El candidato ideal para la discectomía endoscópica suele ser un paciente con una hernia discal de un solo nivel (por ejemplo L4-L5 o L5-S1), con dolor predominante irradiado a la pierna, una compresión discal clara en la resonancia y un estado de salud general adecuado. En cambio, cuando hay hernias en varios niveles, estenosis avanzada del canal (estenosis espinal), artrosis facetaria marcada e inestabilidad de la columna, hernias recurrentes calcificadas o condiciones anatómicas que obstaculizan el acceso endoscópico (como una cresta ilíaca alta), pueden tomar protagonismo la cirugía abierta o los métodos de fusión. Aquí hay un matiz crítico: el dolor irradiado a la pierna debido a la compresión de la raíz suele remitir notablemente tras la cirugía; sin embargo, el dolor lumbar aislado puede ser otro signo de degeneración discal y no resolverse por completo solo con la extracción del fragmento herniado. Por ello, las expectativas se hablan abiertamente antes de la cirugía.
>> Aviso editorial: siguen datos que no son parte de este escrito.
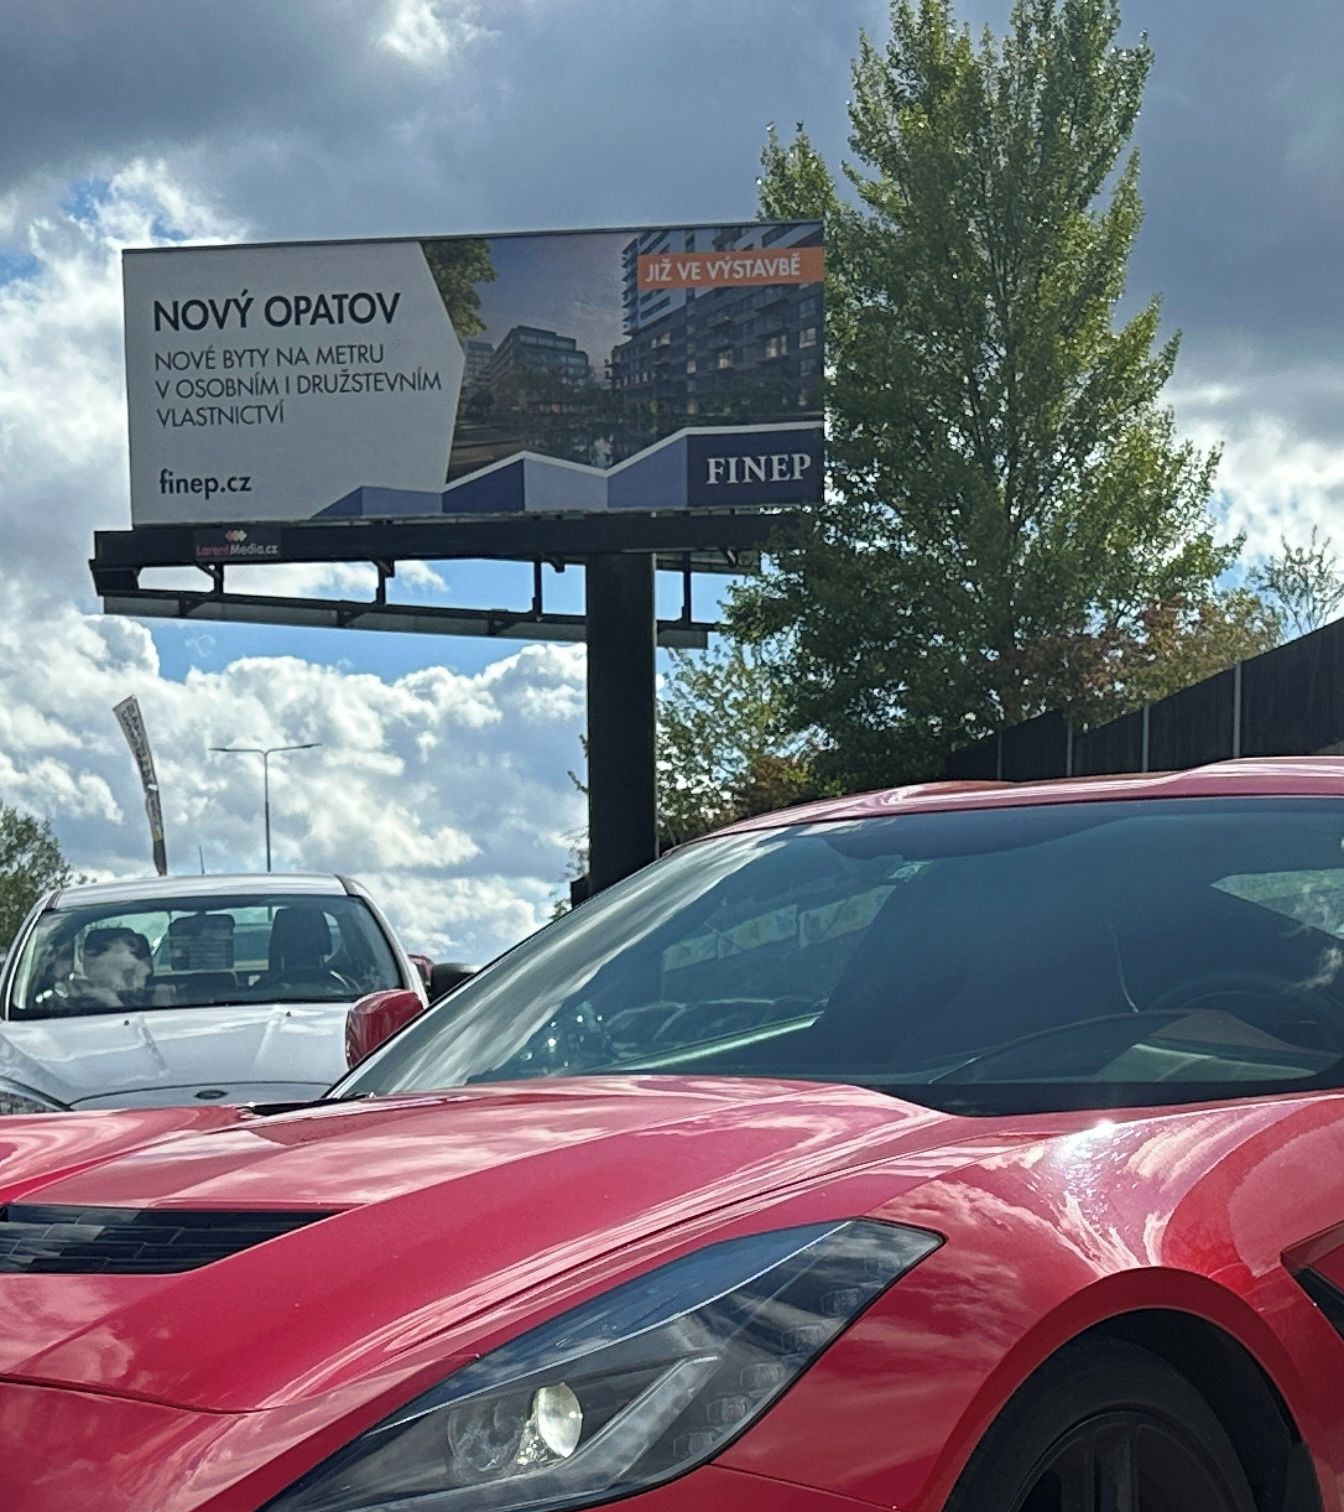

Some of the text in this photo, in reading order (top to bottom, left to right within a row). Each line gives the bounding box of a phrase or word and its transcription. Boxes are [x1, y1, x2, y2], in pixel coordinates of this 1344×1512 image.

Recuperación y expectativas realistas
En los casos endoscópicos adecuados, el paciente se moviliza tras 2–4 horas de reposo en cama, y el alta el mismo día o a la mañana siguiente es posible para muchos. En la primera semana la marcha se normaliza mientras se restringe estar sentado; la vuelta al trabajo de oficina es de media de 2–3 semanas y la vuelta al trabajo físico puede extenderse hasta 6–8 semanas. El corsé no es obligatorio en la mayoría de los casos endoscópicos, porque la musculatura lumbar se preserva en gran medida; solo se aconseja brevemente si hay inestabilidad acompañante. La imagen honesta del éxito es esta: se espera una mejoría notable en alrededor del 85–90% de los pacientes, mientras que un 10–15% puede tener síntomas residuales por una compresión nerviosa prolongada. Para apoyar la recuperación y reducir el riesgo de recidiva, son importantes la fisioterapia posoperatoria, el control del peso y unos buenos hábitos al sentarse.
Riesgos y posibles complicaciones
Ninguna cirugía está exenta de riesgos. Los posibles riesgos de la cirugía de hernia discal lumbar incluyen los riesgos anestésicos, el sangrado, la infección de la zona quirúrgica, el entumecimiento o ardor temporal por irritación de la raíz nerviosa, el desgarro dural y la fuga de líquido cefalorraquídeo asociada, y la recidiva. La literatura informa de una tasa de recidiva de alrededor del 3–7% y de desgarro dural del 1–3%; la infección intradiscal (discitis) es rara pero grave. Estas tasas varían con la edad, la anatomía y la gravedad de la enfermedad del paciente, y una selección correcta del paciente reduce notablemente los riesgos. Todas estas posibilidades y una evaluación individual se hablan una a una durante el proceso de consentimiento informado antes de la cirugía.